Verbal memory is impaired in patients with cirrhosis
Alok Madan, Kelli L. Netson, Amy L. Meidinger, Joslyn M McCoy, Jeffery J. Borckardt, Brendan M. McGuire, Adrian H. Thurstin, Beverly A. Bush
Background: Sub-clinical hepatic encephalopathy is a commonly recognized cognitive sequelae of cirrhosis and is associated with normal neurological and mental status exams but impaired performance on neuropsychological measures. Cognitive slowing and impairments in executive functioning are frequently noted; however, there is debate in the literature regarding the degree of memory dysfunction in patients with sub-clinical hepatic encephalopathy. This study aimed to evaluate memory functioning in patients with sub-clinical hepatic encephalopathy.
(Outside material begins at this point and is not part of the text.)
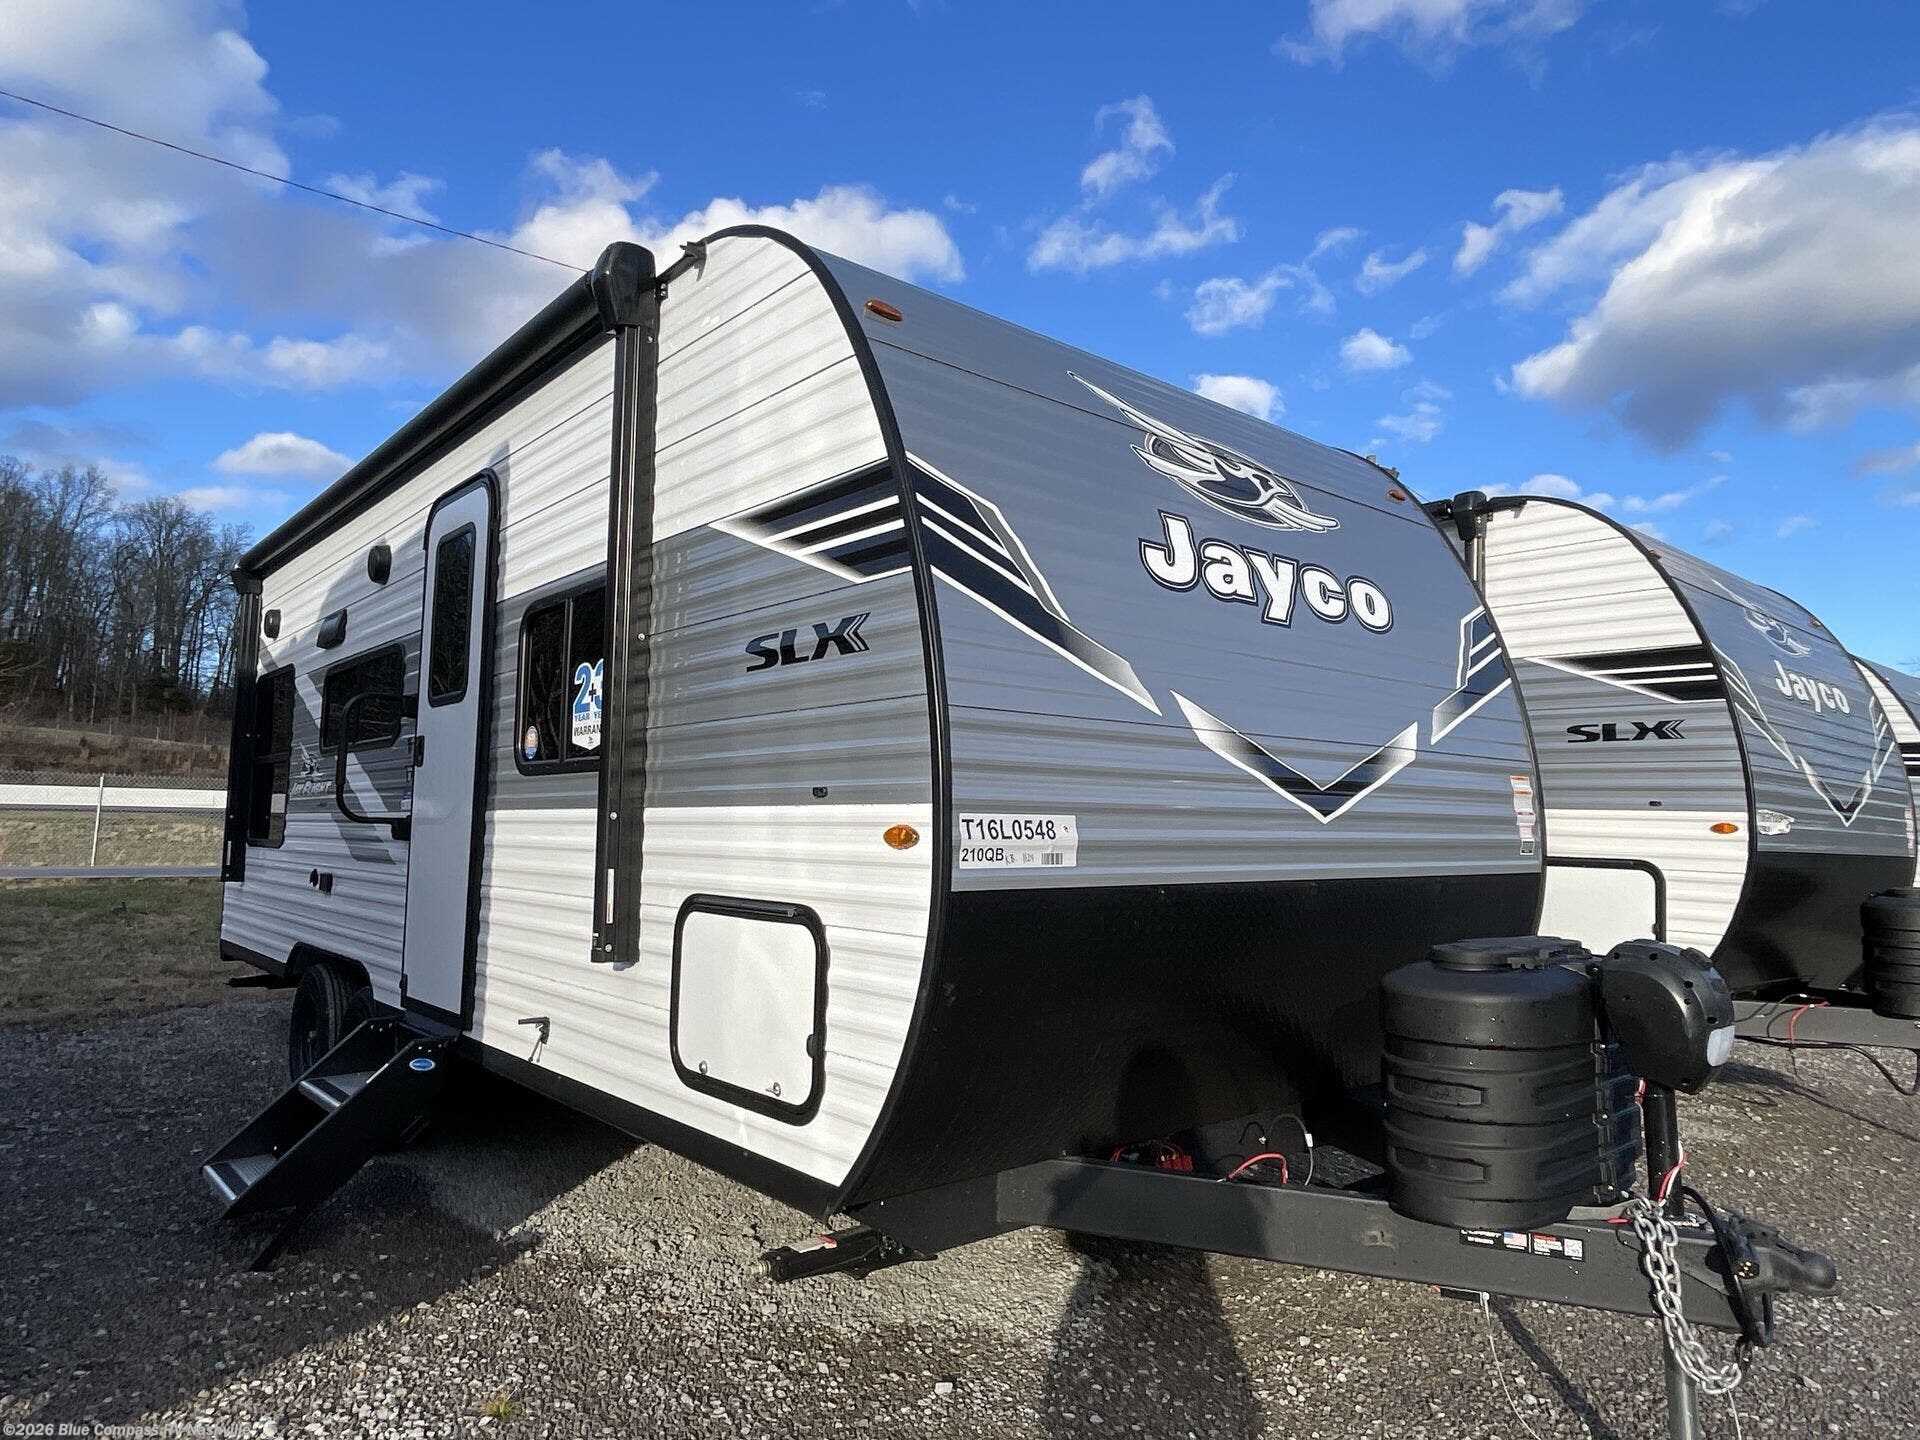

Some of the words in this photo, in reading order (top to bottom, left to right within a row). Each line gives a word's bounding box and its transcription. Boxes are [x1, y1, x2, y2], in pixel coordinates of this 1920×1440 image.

Method: Individuals with cirrhosis and no overt hepatic encephalopathy who presented for assessment for possible liver transplant to a large academic medical center in the South between January 2002 and July 2003 were randomly selected for analysis. In this retrospective analysis, a sample of convenience of 125 individuals comprised the three diagnostic categories: alcohol (ETOH) induced- (n=40), hepatitis C virus (HCV) without ETOH induced- (n=42), and non-ETOH/non-HCV induced-cirrhosis (n=43). Results: Fortyeight percent of study sample reported difficulties with memory functioning within the past year, independent of disease etiology. Compared to normative data, individuals with all three cirrhosis etiologies performed significantly worse than their healthy peers across neuropsychological measures of verbal memory functioning. Multivariate analyses revealed that individuals with ETOH-induced cirrhosis performed significantly worse than individuals with non-ETOH/non-HCV-induced cirrhosis on a specific measure of learning and memory. Conclusions: Cirrhosis is associated with impaired memory functioning regardless of underlying liver disease etiology. It appears that that sustained periods of excessive ETOH consumption result in greater impairments in memory functioning than hepatic insufficiency alone. Impairments in memory functioning among individuals with cirrhosis have the potential to negatively affect receipt of medical information, compromising compliance with treatment recommendations and negatively affecting pre- and post-transplantation outcomes.